Di recente l'attenzione dei media si è rivolta verso le decisioni differenti dei tribunali italiani per quanto riguarda le domande di richieste di asilo presentate da migranti ospiti presso il nostra centro in Albania.

Alcuni tribunali hanno respinto la decisione di respingimento della richiesta di asilo da parte della apposita commissione in base a una direttiva europea e a una sentenza della Corte di Giustizia europea su un caso simile.

Altri tribunali hanno preferito sottoporre il caso alla corte europea.

In base alla direttiva attualmente in vigore si può rimpatriare un migrante solo se proviene da un paese sicuro. Ma chi stabilisce se un paese è sicuro?

In base alla interpretazione dei giudici lo stabiliscono gli stessi giudici in base ai criteri forniti dalla direttiva medesima. La direttiva infatti non fornisce un elenco di paesi sicuri.
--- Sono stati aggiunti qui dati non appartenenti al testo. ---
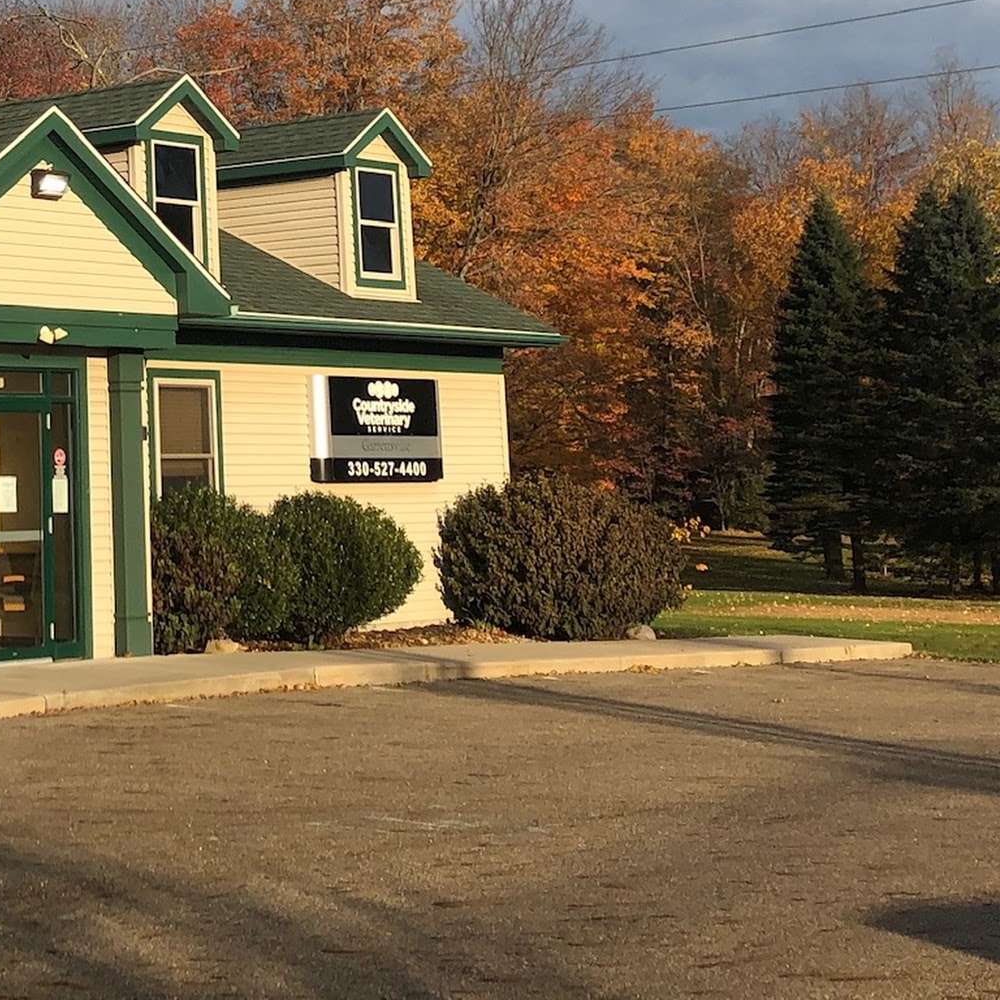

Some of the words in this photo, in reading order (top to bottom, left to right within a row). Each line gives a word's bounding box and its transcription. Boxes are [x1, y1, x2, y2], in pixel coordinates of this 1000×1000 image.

[352, 397, 416, 414] Countryside
[356, 409, 411, 429] Veterinary
[347, 461, 427, 476] 330-527-4400
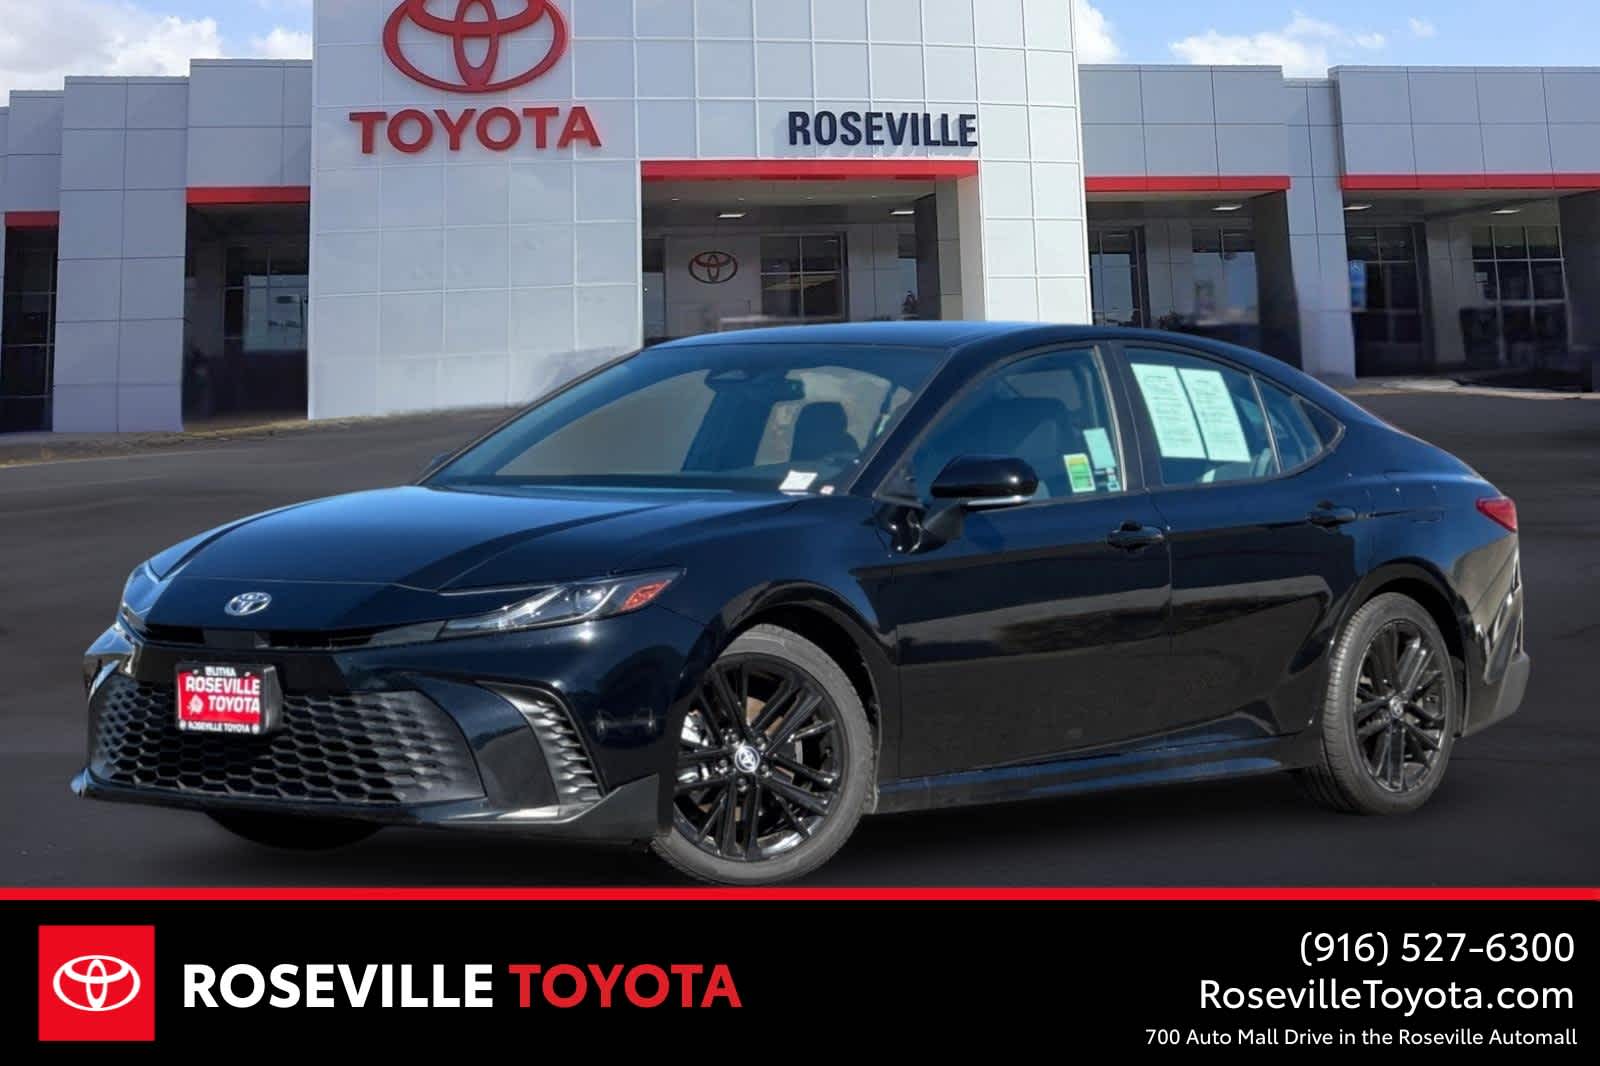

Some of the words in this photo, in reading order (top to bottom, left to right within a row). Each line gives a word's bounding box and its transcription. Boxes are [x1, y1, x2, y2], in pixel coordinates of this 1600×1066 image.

Secondo il Governo lo stabilisce il governo nazionale

Per togliere ogni equivoco il Governo ha emanato un nuovo decreto con una lista di paesi sicuri. 

È quindi una questione politica? Certo. Ma è anche una questione giuridica.

Le normative europee - per chi non lo sapesse - sono lunghe ed elaborate. Non sempre di facile lettura

Inoltre una recente direttiva - maggio 2024 - ha abolito quella attualmente applicata. Però la nuova direttiva - per i tempi lunghi dell'Unione europea - entrerà in vigore nel 2026. Quindi per il momento di applica quella vecchia. Anche se il governo italiano in sede europea, insieme ad altri undici stati, sta cercando di accelerare le procedure per farla entrare in vigore.

Entriamo nel merito: sul concetto di “Paese sicuro” è andato in scena uno scontro con i giudici. Il tribunale di Bologna ha rinviato il decreto legge alla Corte di Giustizia europea.Si attende una risposta.

Il decreto, varato all’indomani della bocciatura da parte dei magistrati del tribunale di Roma della convalida del trattenimento dei migranti portati in Albania detta un elenco puntuale di “Paesi di origine sicuri”: Albania, Algeria, Bangladesh, Bosnia-Erzegovina, Capo Verde, Costa d’Avorio, Egitto, Gambia, Georgia, Ghana, Kosovo, Macedonia del Nord, Marocco, Montenegro, Perù, Senegal, Serbia, Sri Lanka e Tunisia. Il decreto prevede un aggiornamento periodico con atto avente forza di legge; inoltre prevede, circa l’individuazione dei Paesi di origine sicuri, una informativa annuale del Governo, mediante una relazione trasmessa alle competenti Commissioni parlamentari.

È proprio sulla definizione di “paese sicuro” che si fonda il lungo quesito che il Tribunale ha inviato alla Corte di giustizia, che però non si.limita a chiedere ma entra nel merito e contesta il principio per cui potrebbe definirsi sicuro un Paese in cui la generalità, o maggioranza, della popolazione viva in condizioni di sicurezza, visto che il sistema di protezione internazionale si rivolge in particolare alle minoranze minacciate e perseguitate. 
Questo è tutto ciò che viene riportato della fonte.